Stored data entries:
+++
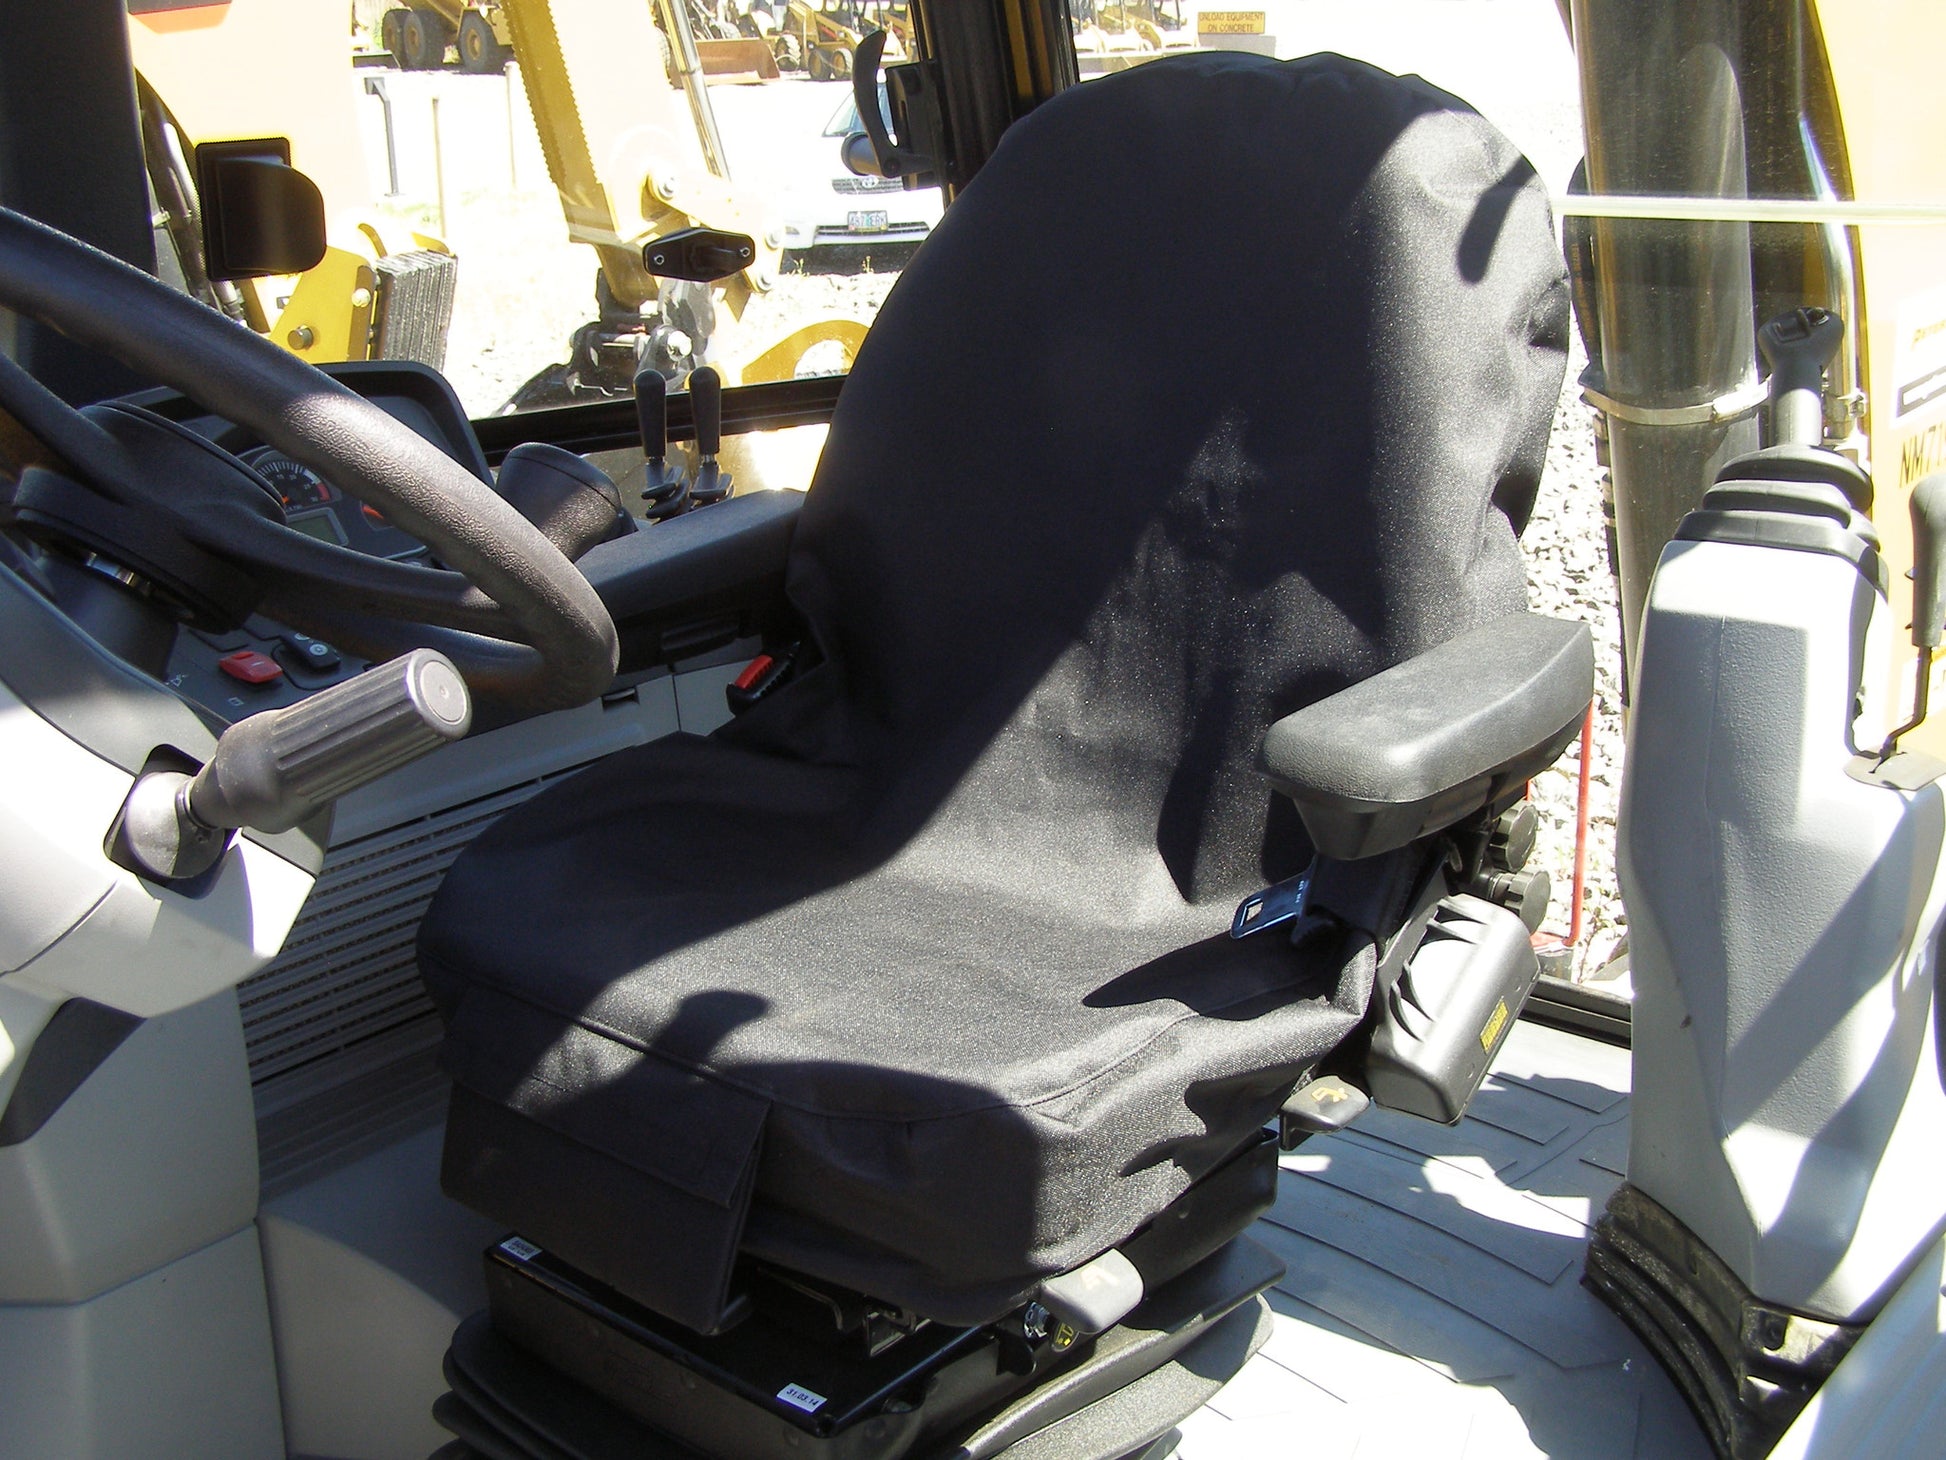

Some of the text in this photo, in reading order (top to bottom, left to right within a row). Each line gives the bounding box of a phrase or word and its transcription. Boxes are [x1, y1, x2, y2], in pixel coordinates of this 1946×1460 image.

[1200, 12, 1263, 21] UNLOAD EQUIPMENT
[1208, 24, 1254, 33] ON CONCRETE
[786, 1388, 820, 1406] 31.03.14
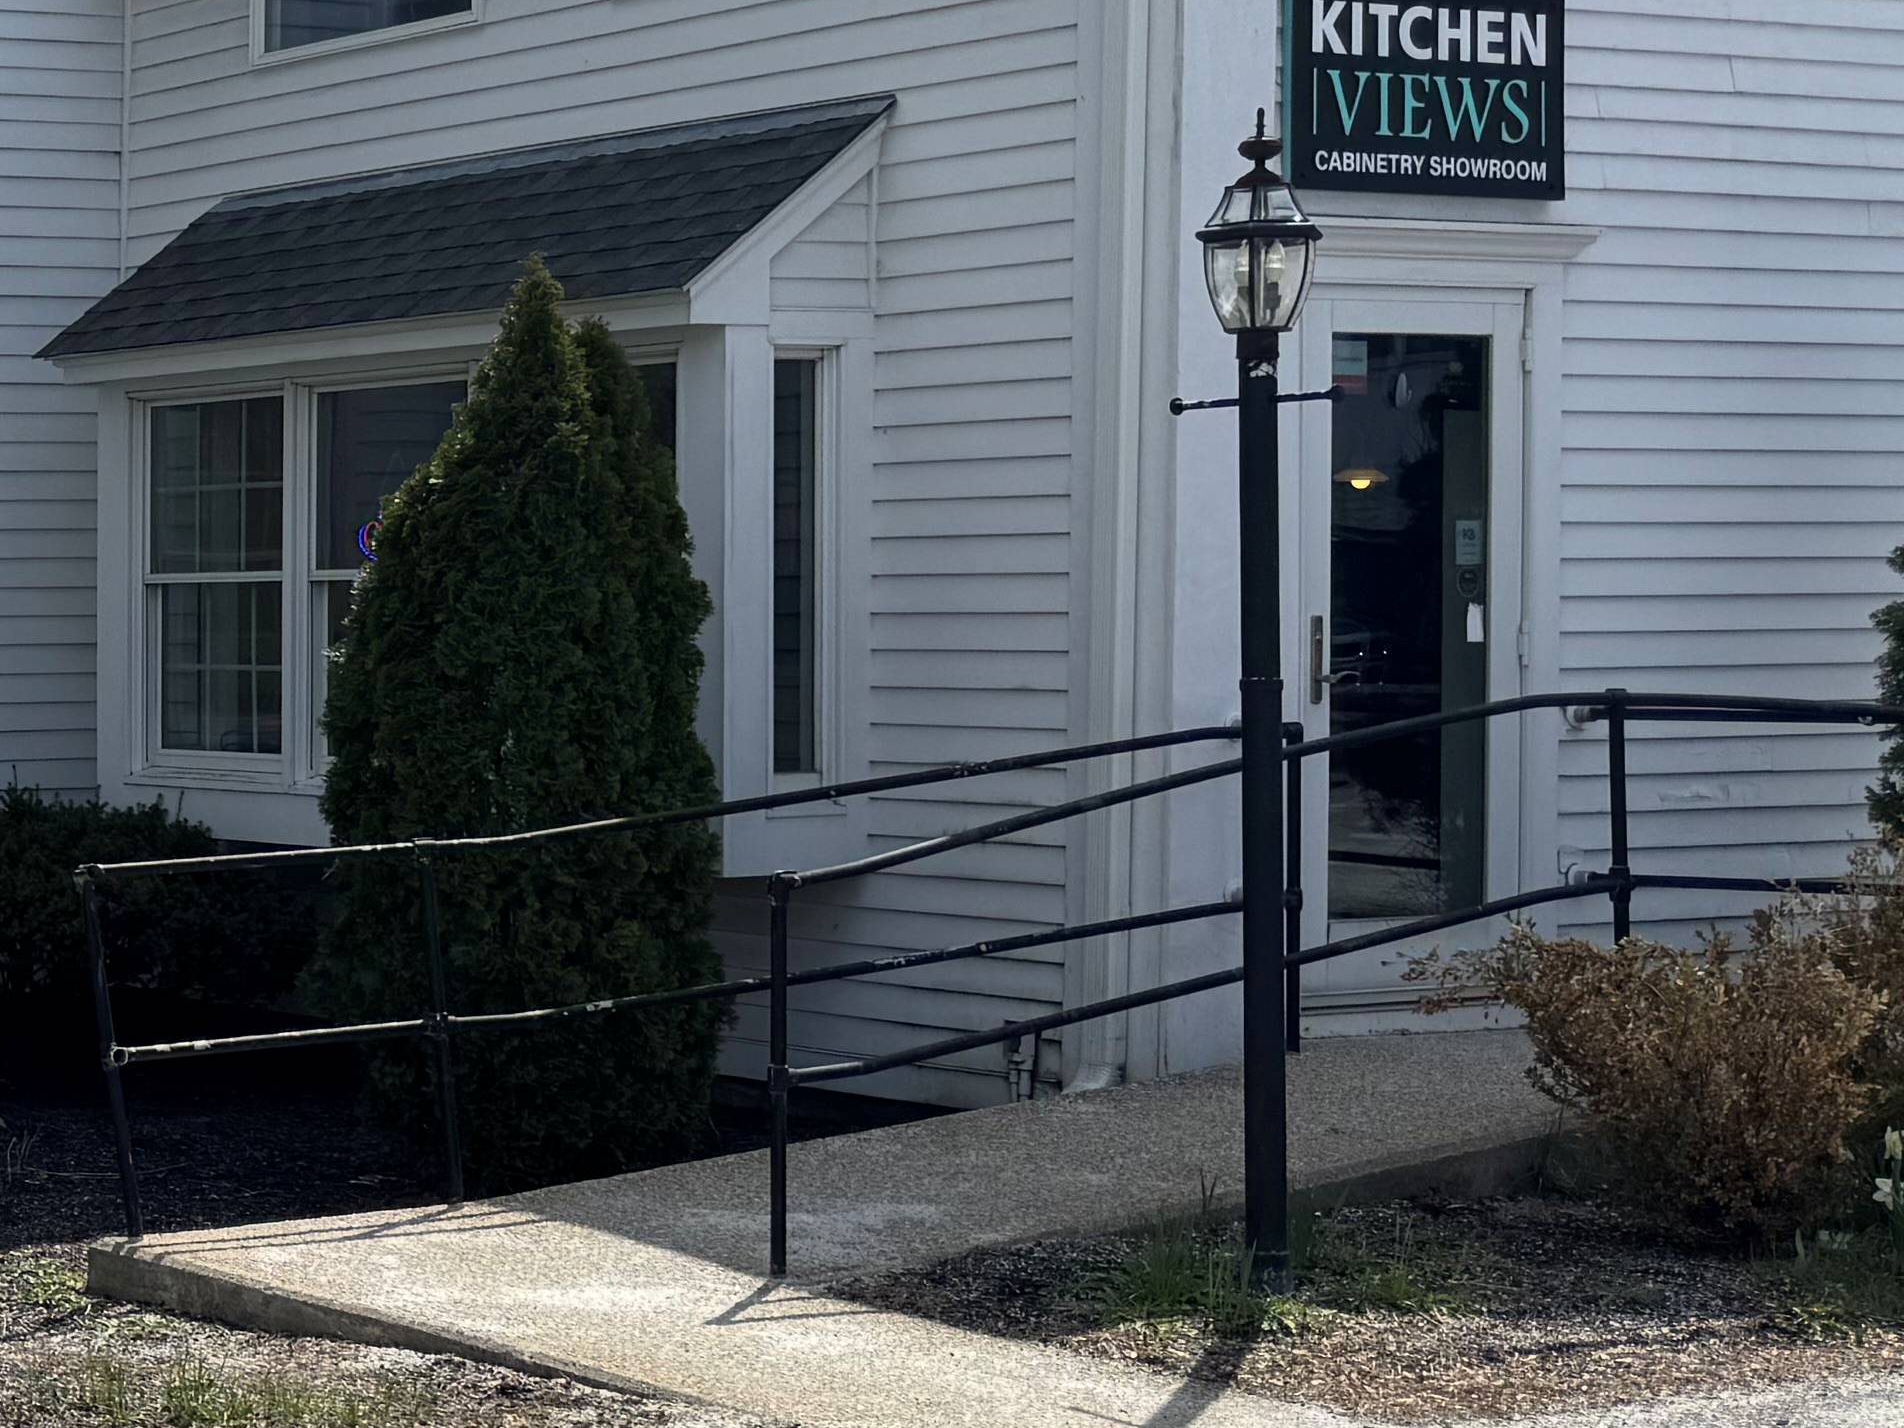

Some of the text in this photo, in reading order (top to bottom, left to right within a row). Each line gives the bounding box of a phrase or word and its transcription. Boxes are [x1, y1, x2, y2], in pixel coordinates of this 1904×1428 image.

[1326, 69, 1530, 144] VIEWS
[1315, 150, 1547, 182] CABINETRY SHOWROOM
+++
Requirement: Your copy should match the records above exactly, except that it contains no pictures.

Exercise output:
Some of the text in this photo, in reading order (top to bottom, left to right within a row). Each line gives the bounding box of a phrase or word and its transcription. Boxes are [x1, y1, x2, y2], in pixel coordinates of this 1946×1460 image.

[1200, 12, 1263, 21] UNLOAD EQUIPMENT
[1208, 24, 1254, 33] ON CONCRETE
[786, 1388, 820, 1406] 31.03.14

Some of the text in this photo, in reading order (top to bottom, left to right within a row). Each line gives the bounding box of a phrase or word and its transcription. Boxes are [x1, y1, x2, y2], in pixel coordinates of this 1904×1428 image.

[1326, 69, 1530, 144] VIEWS
[1315, 150, 1547, 182] CABINETRY SHOWROOM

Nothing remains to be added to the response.